Branch Workflow
Branch naming, PR workflow, and GitHub branch protection rules
All development happens on feature branches. Direct pushes to main are forbidden — enforced by GitHub branch protection.
Branch Naming
Lowercase, hyphen-separated, max 50 chars.
| Prefix | Purpose | Example |
|---|---|---|
feat/ | New features, plugins, harvesters | feat/harvester-gemini |
fix/ | Bug fixes | fix/double-evaluation-spm |
refactor/ | Code restructuring (no behavior change) | refactor/daemon-engine-separation |
docs/ | Documentation only | docs/api-reference-update |
chore/ | CI, build, deps, tooling | chore/update-bun |
release/ | Release preparation (changeset bot creates the PR) | release/v1.24.0 |
External Contributors (Fork & PR)
External contributors don't have write access to the repo. Use the fork-and-PR model:
# 1. Fork the repo (GitHub UI) and clone your fork
git clone https://github.com/<your-username>/Brain.git
cd Brain
# 2. Add upstream remote
git remote add upstream https://github.com/the-brain-dev/The-Brain.git
# 3. Sync and branch
git fetch upstream
git checkout -b feat/your-feature upstream/main
# 4. Work, test, commit, push to your fork
git push origin feat/your-feature
# 5. Open a PR against the-brain-dev/Brain:mainSee Contributing for the full workflow including the contribution gate (lgtm/lgtmi).
Internal Agent Workflow
For maintainers and AI agents with repo access:
# Create branch
git checkout main && git pull origin main
git checkout -b <prefix>/<description>
# Work, test, lint
bun test && bun run lint
# Commit (conventional, targeted add only)
git add <specific-files>
git commit -m "type(scope): description"
# Push and open PR
git push origin <branch>Multi-Session Branches
When working on the same feature across multiple sessions:
# Session start — sync with main
git checkout <my-branch>
git pull origin main --rebase
# Work, commit, push as usual
git push origin <my-branch>Before opening a PR: rebase on latest main, resolve only conflicts in files you authored. Never force push.
Commit Convention
type(scope?): concise description
Types: feat, fix, refactor, docs, chore, test, perf
Examples:
feat(harvester): add Gemini CLI harvester plugin
fix(spm): prevent double-evaluation during promote()
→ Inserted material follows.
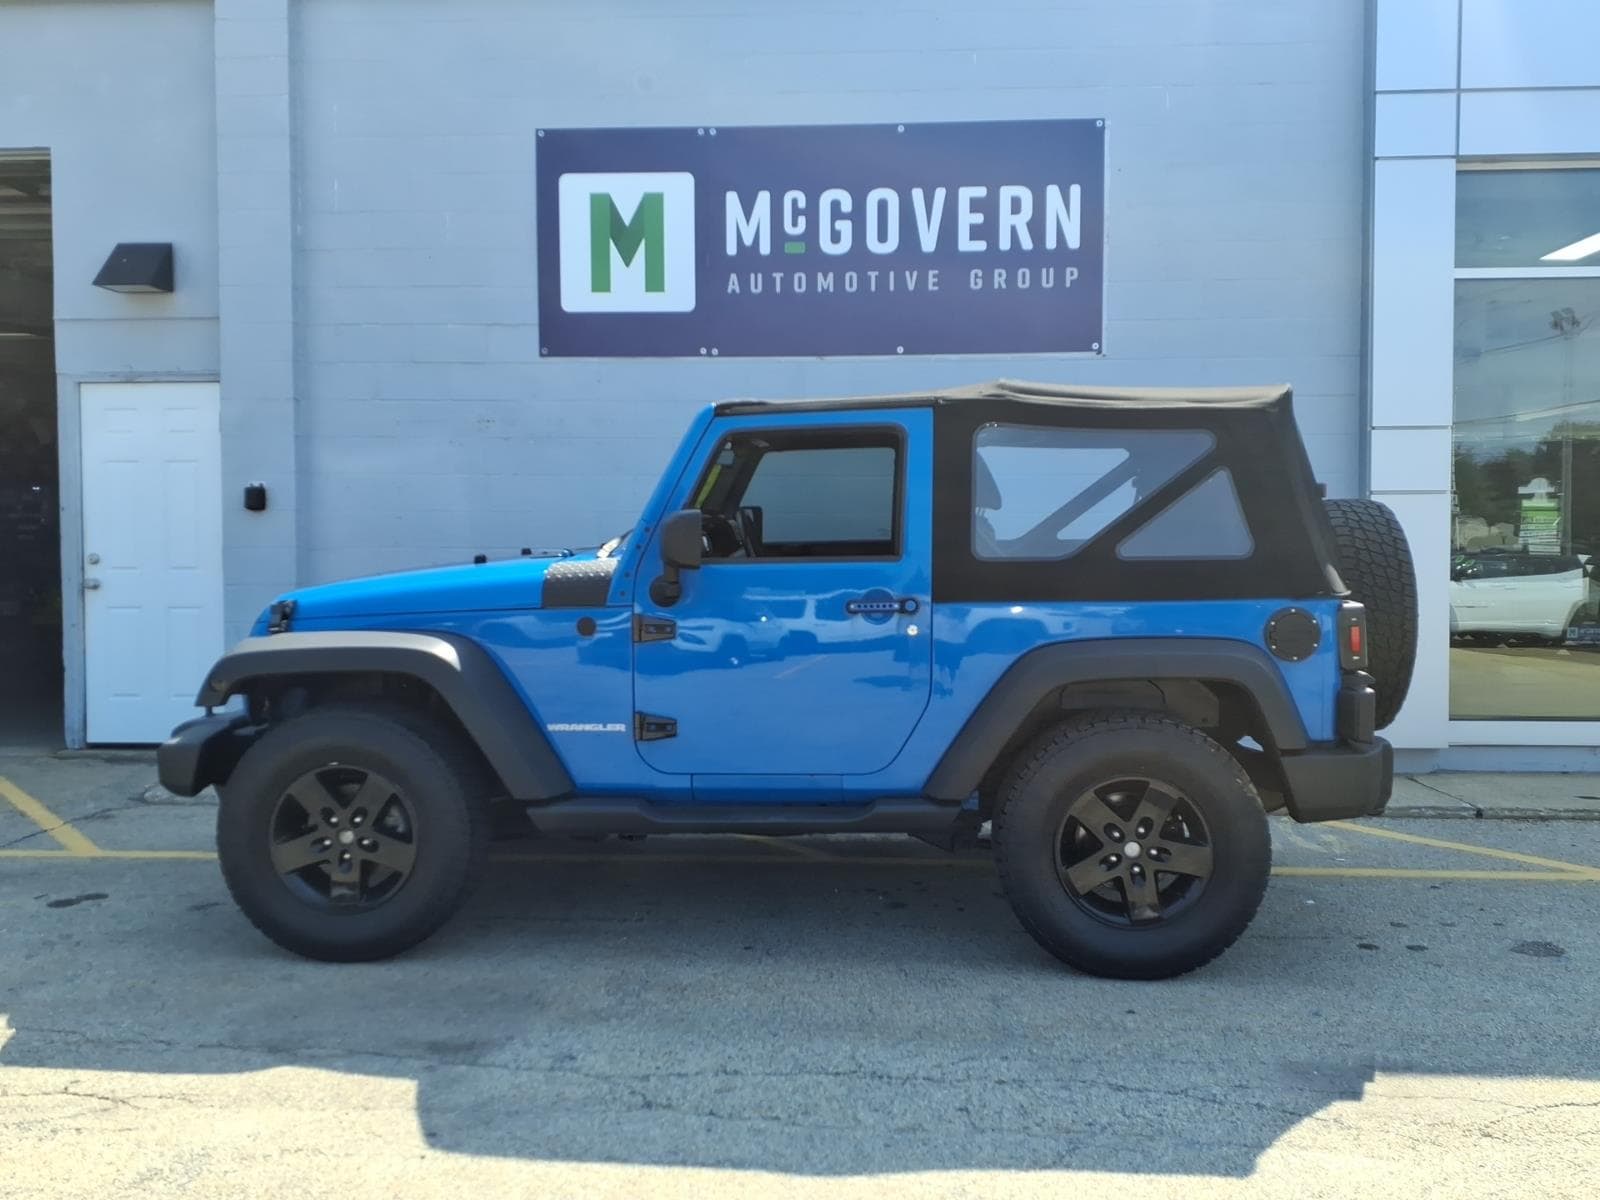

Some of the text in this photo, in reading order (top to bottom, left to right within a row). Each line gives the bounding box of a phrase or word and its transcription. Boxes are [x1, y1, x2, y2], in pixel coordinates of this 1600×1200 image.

[590, 192, 665, 293] M
[726, 266, 1080, 294] AUTOMOTIVE GROUP
[546, 723, 626, 732] WRANGLER
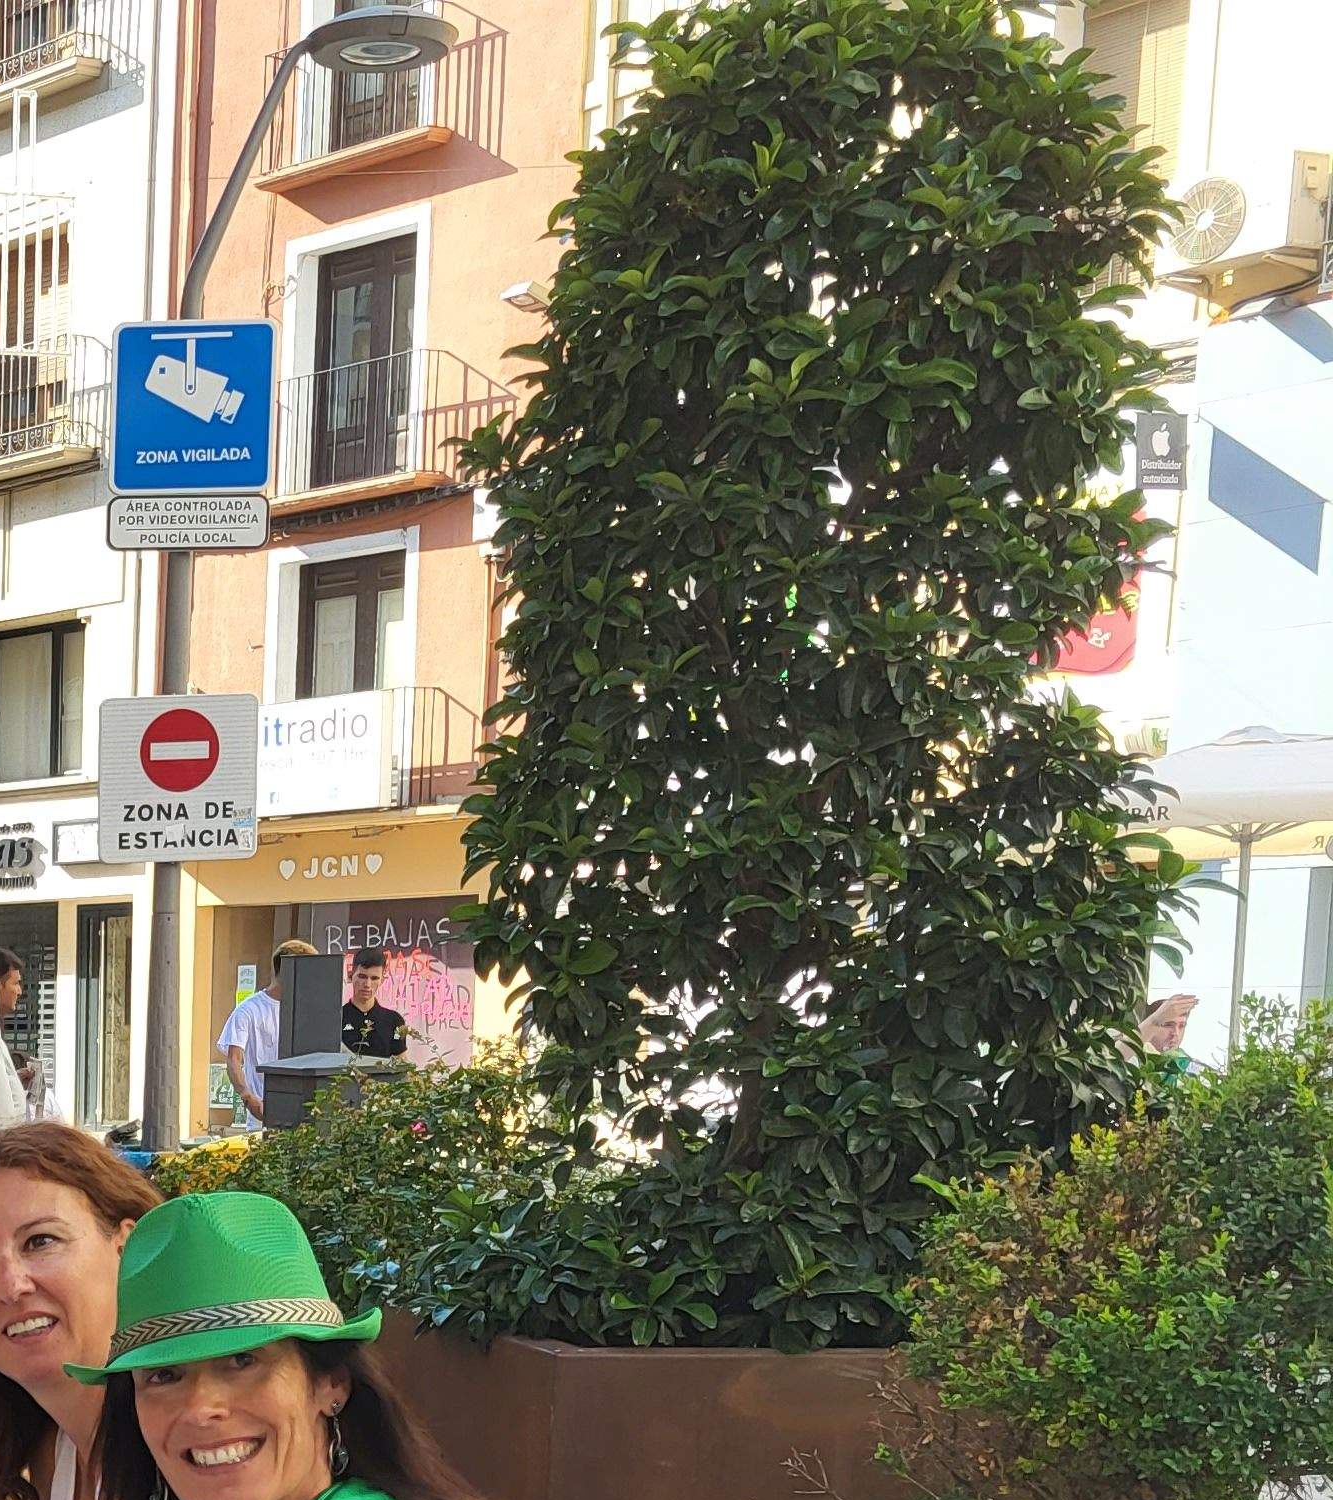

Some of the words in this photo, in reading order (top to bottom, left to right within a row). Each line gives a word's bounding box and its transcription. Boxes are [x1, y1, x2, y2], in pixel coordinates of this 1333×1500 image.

docs: update CLI reference with --reprocess flagForbidden Operations
These can destroy work or bypass review:
git push origin main— blocked by branch protectiongit push --force/git push -f— rewriting shared historygit reset --hard,git checkout .,git clean -fd— destroy uncommitted workgit add -A/git add .— sweeps up changes from other contributors
Branch Protection Rules
GitHub Ruleset main enforces on ~DEFAULT_BRANCH:
| Rule | Purpose |
|---|---|
deletion | Prevent deleting main |
non_fast_forward | Block force pushes |
update | Block direct pushes — everything goes through PRs |
pull_request | Require 1 approving review, dismiss stale reviews, require last push approval, resolve all threads |
code_quality | Require CodeQL code quality checks |
code_scanning | Require CodeQL security scan (high+ severity) |
CodeQL runs on every PR and push to main via .github/workflows/codeql.yml. Weekly scheduled scan on Mondays at 08:00 UTC.
CI runs bun test and bun run lint on every PR — both must pass before merge.
Releasing
the-brain uses Changesets for independent versioning — each package has its own version. Core can be 2.0 while a plugin stays at 1.4.
Creating a Changeset (per PR)
When your PR changes package code, run:
bunx changesetThe CLI will ask which packages changed, the bump type (patch/minor/major), and a description.
Commit the generated .changeset/*.md file alongside your code.
How Releases Happen
- Merge PRs with changesets → bot collects pending changes
- Bot opens a "Version Packages" PR showing bump details and generated changelogs
- Review and merge the Version Packages PR
- On merge: npm publish + GitHub Release (automated)
No manual version bumps. No scripts/release.ts. The bot handles everything.
Bump Semantics
| Bump | Meaning |
|---|---|
patch | Bug fixes + new features without API breaks |
minor | API breaking changes (plugin contracts, hook signatures) |
major | Architecture overhaul (core rewrite, storage migration) |
When in doubt: patch. Most changes are additive and non-breaking.